▶ Task requirements:
All lines from the one containing "this 2576×1448 image." through the final line of the entries are to be written out verbatim; no other line is to be included.

▶ Input records:
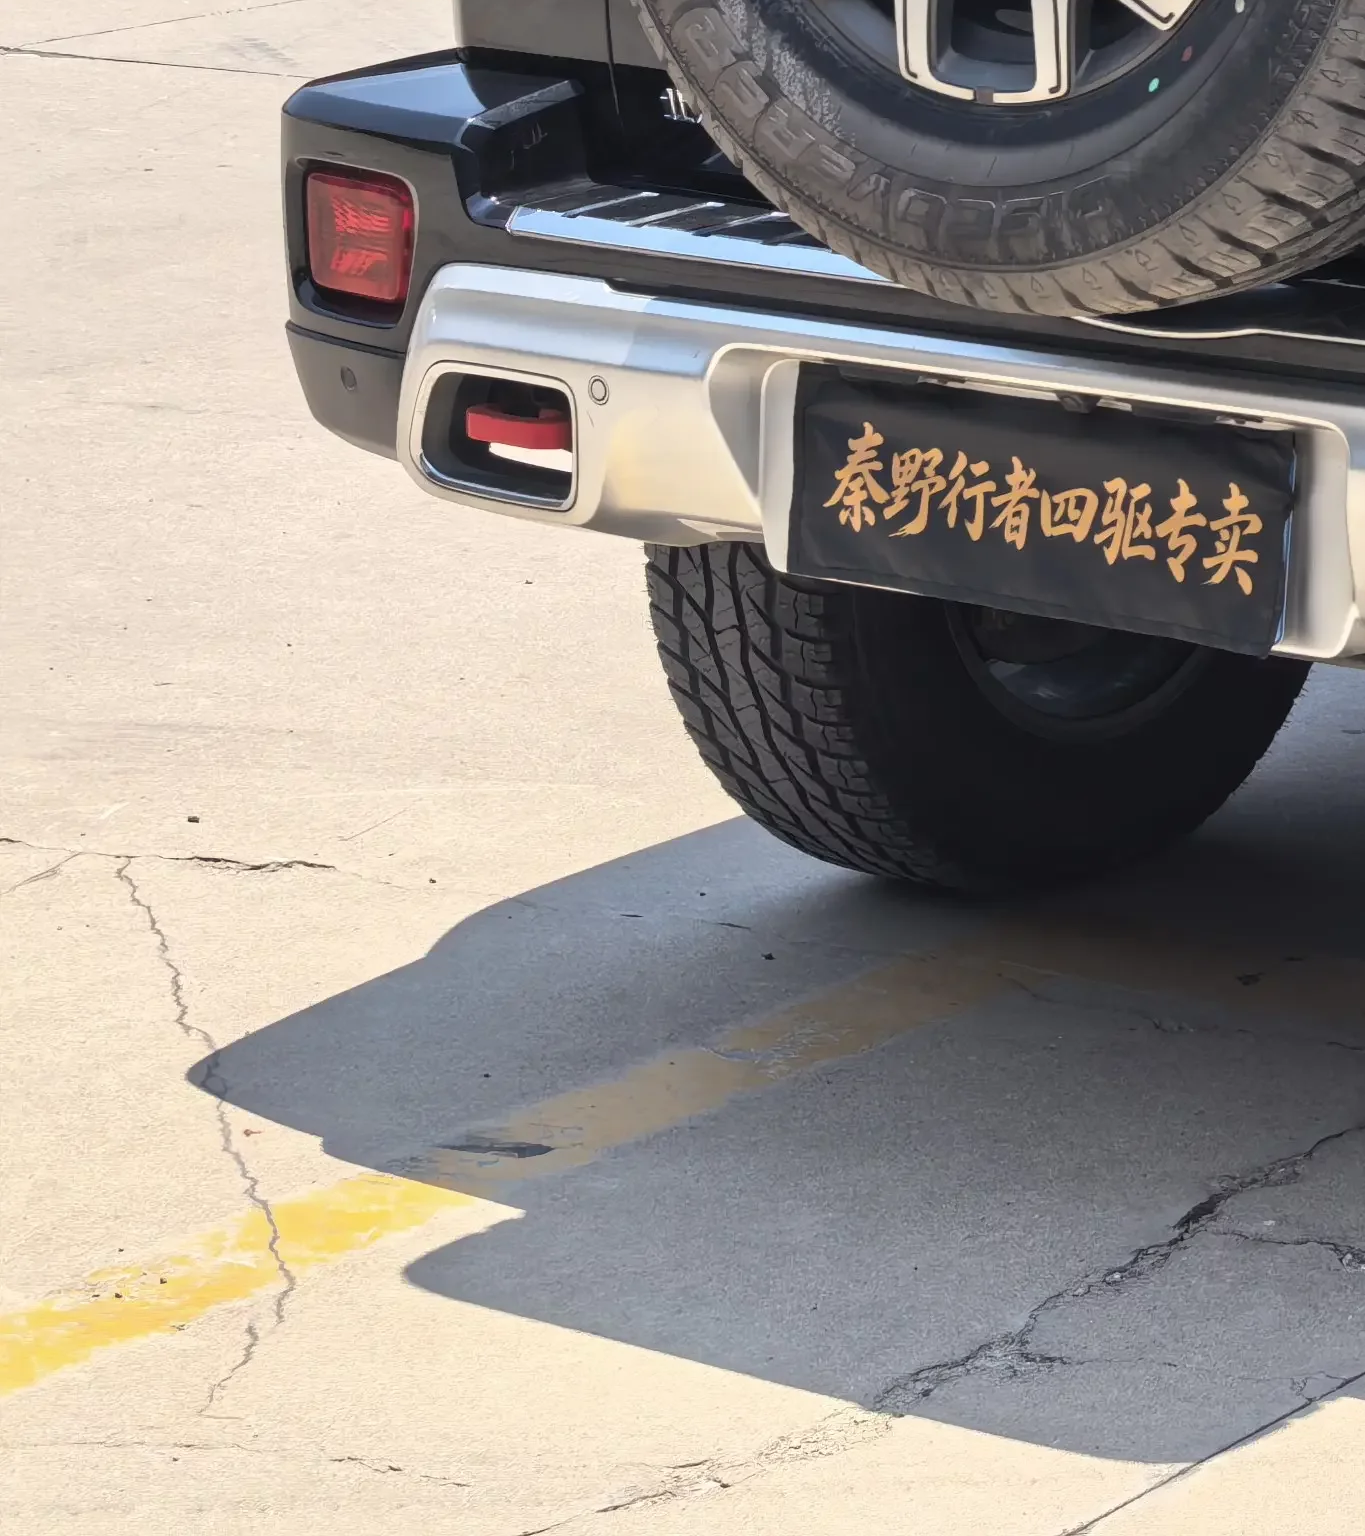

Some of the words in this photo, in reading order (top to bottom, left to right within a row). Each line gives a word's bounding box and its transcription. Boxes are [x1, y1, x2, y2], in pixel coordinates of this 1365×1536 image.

[823, 421, 1263, 595] 秦野行者四驱专卖
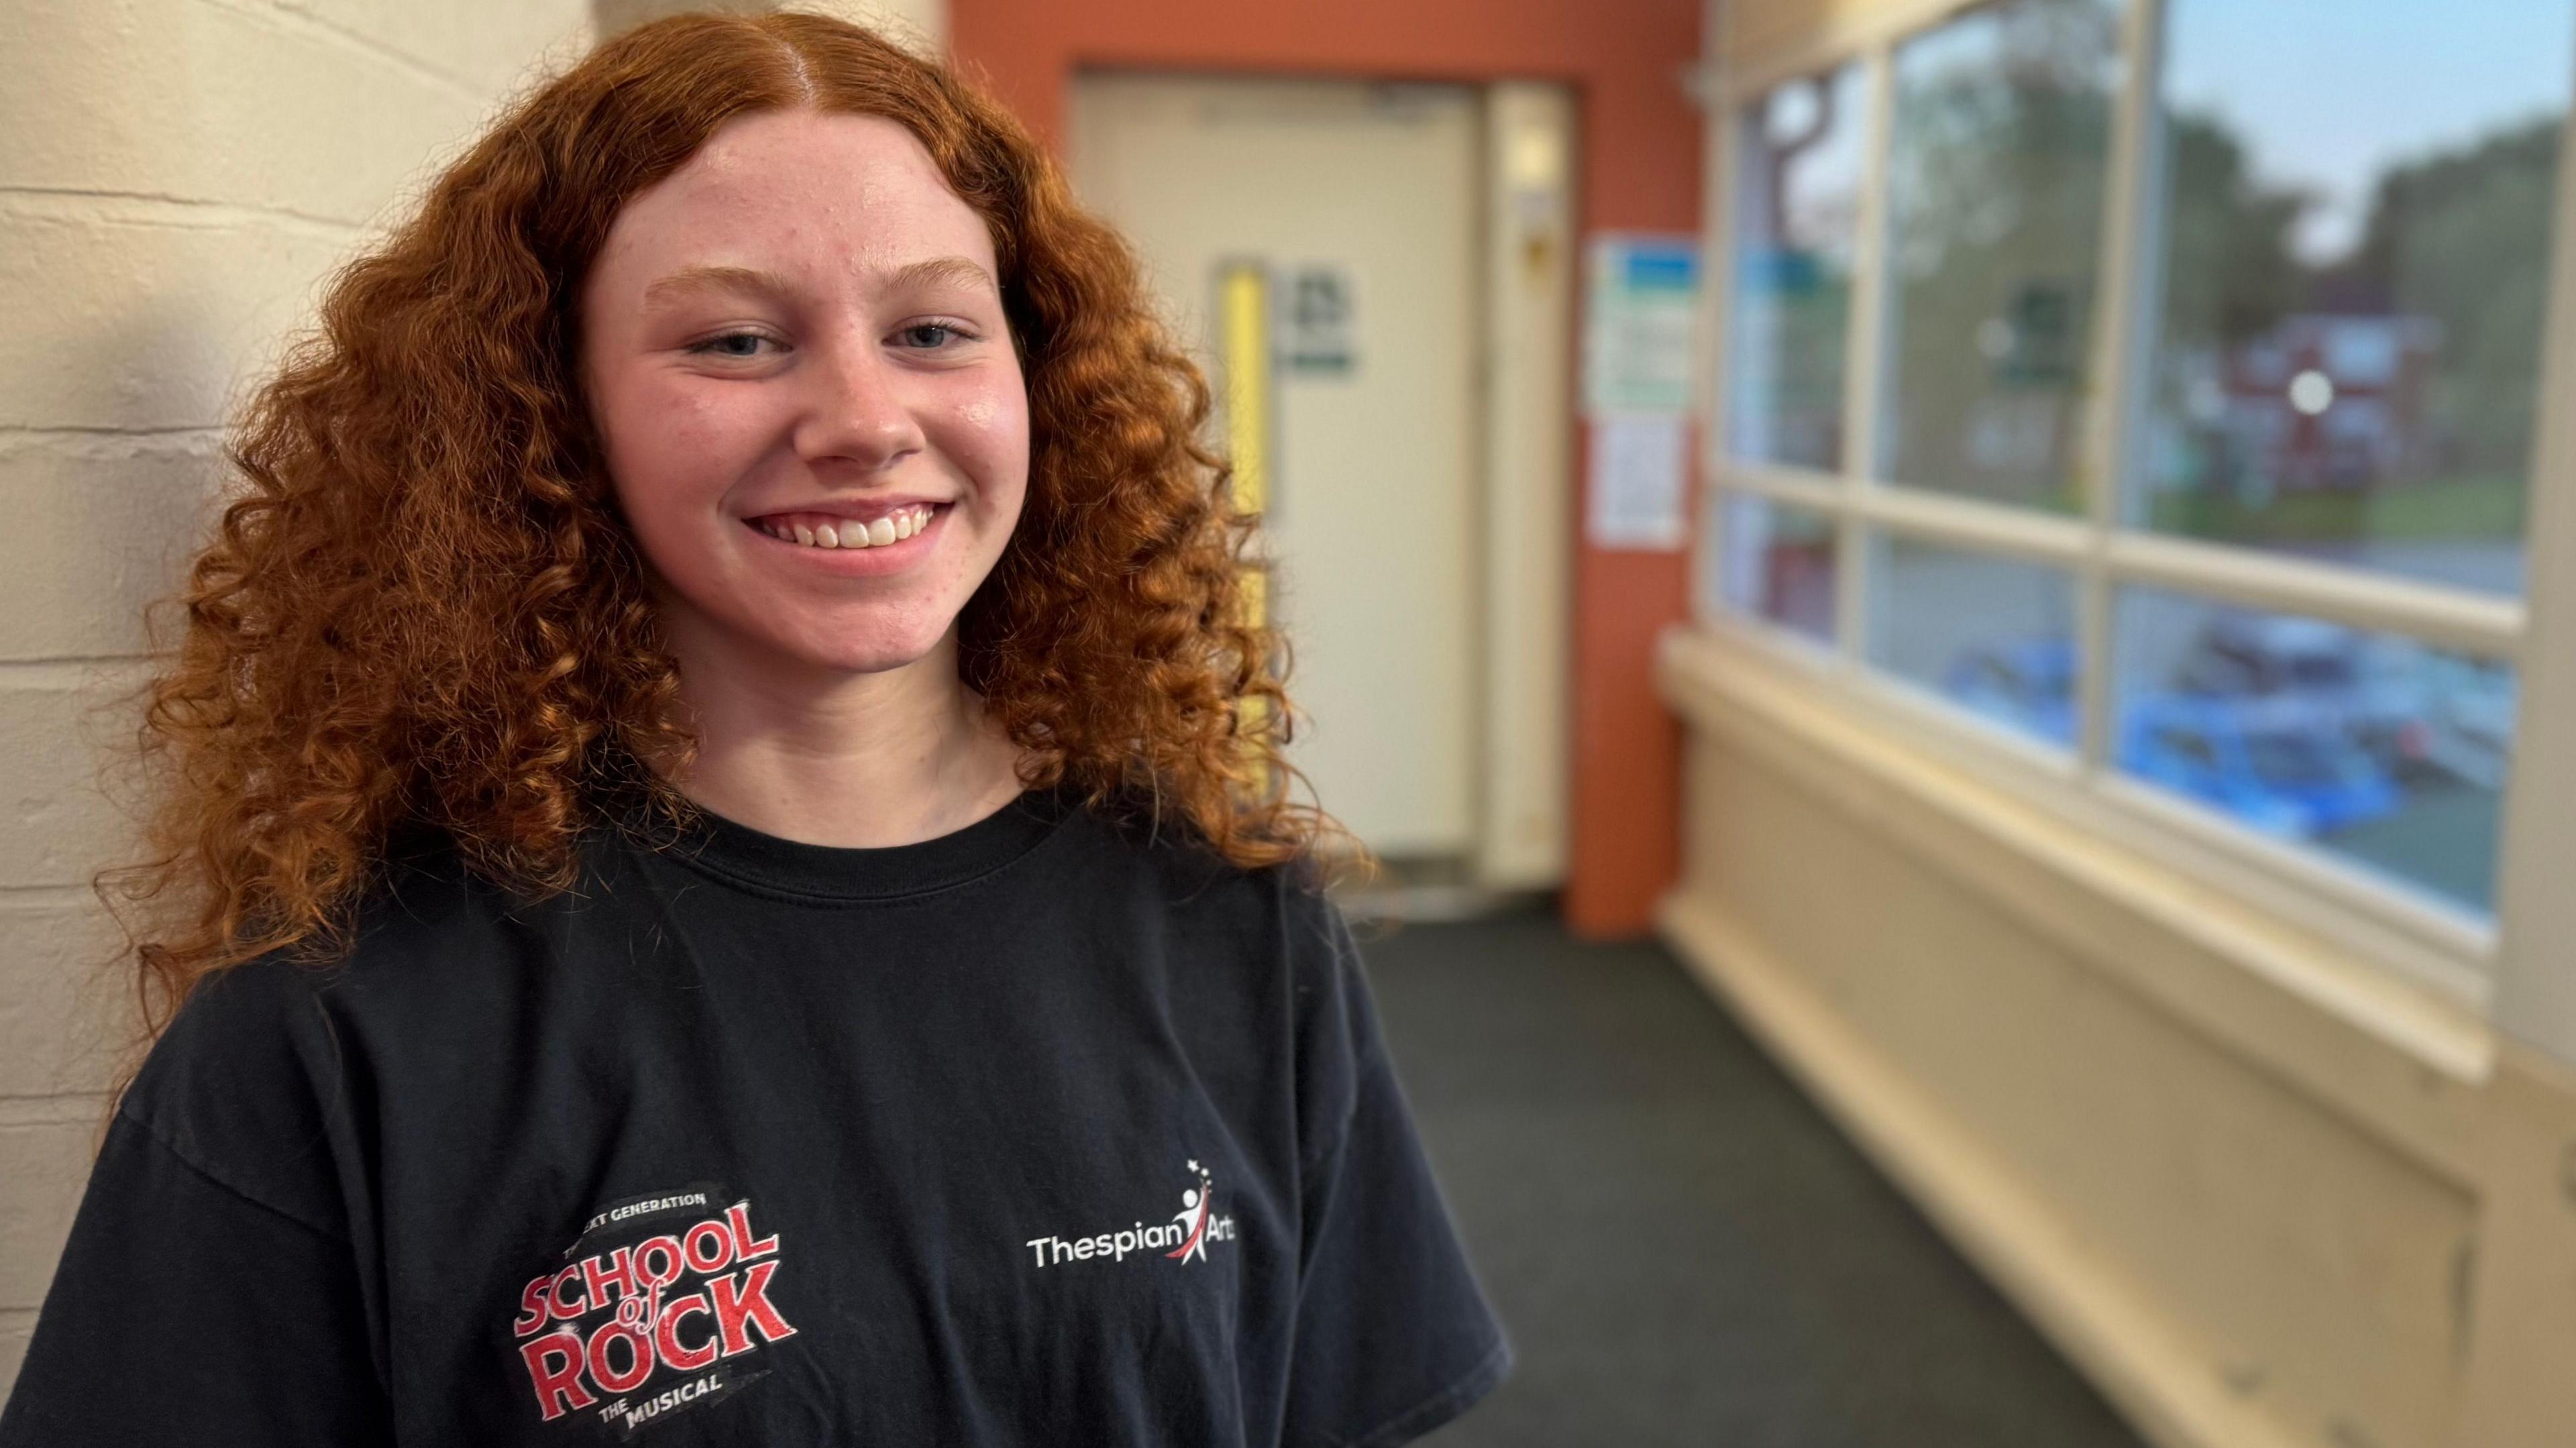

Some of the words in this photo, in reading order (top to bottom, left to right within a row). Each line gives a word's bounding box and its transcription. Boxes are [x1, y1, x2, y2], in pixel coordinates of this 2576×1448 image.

[582, 1213, 608, 1234] EXT
[610, 1193, 706, 1221] GENERATION
[514, 1199, 780, 1337] SCHOOL
[1026, 1221, 1182, 1268] Thespian
[616, 1278, 665, 1335] of
[519, 1260, 798, 1422] ROCK
[598, 1398, 629, 1423] THE
[625, 1374, 722, 1429] MUSICAL

▶ Finished exercise:
Some of the words in this photo, in reading order (top to bottom, left to right within a row). Each line gives a word's bounding box and its transcription. Boxes are [x1, y1, x2, y2], in pixel coordinates of this 2576×1448 image.

[582, 1213, 608, 1234] EXT
[610, 1193, 706, 1221] GENERATION
[514, 1199, 780, 1337] SCHOOL
[1026, 1221, 1182, 1268] Thespian
[616, 1278, 665, 1335] of
[519, 1260, 798, 1422] ROCK
[598, 1398, 629, 1423] THE
[625, 1374, 722, 1429] MUSICAL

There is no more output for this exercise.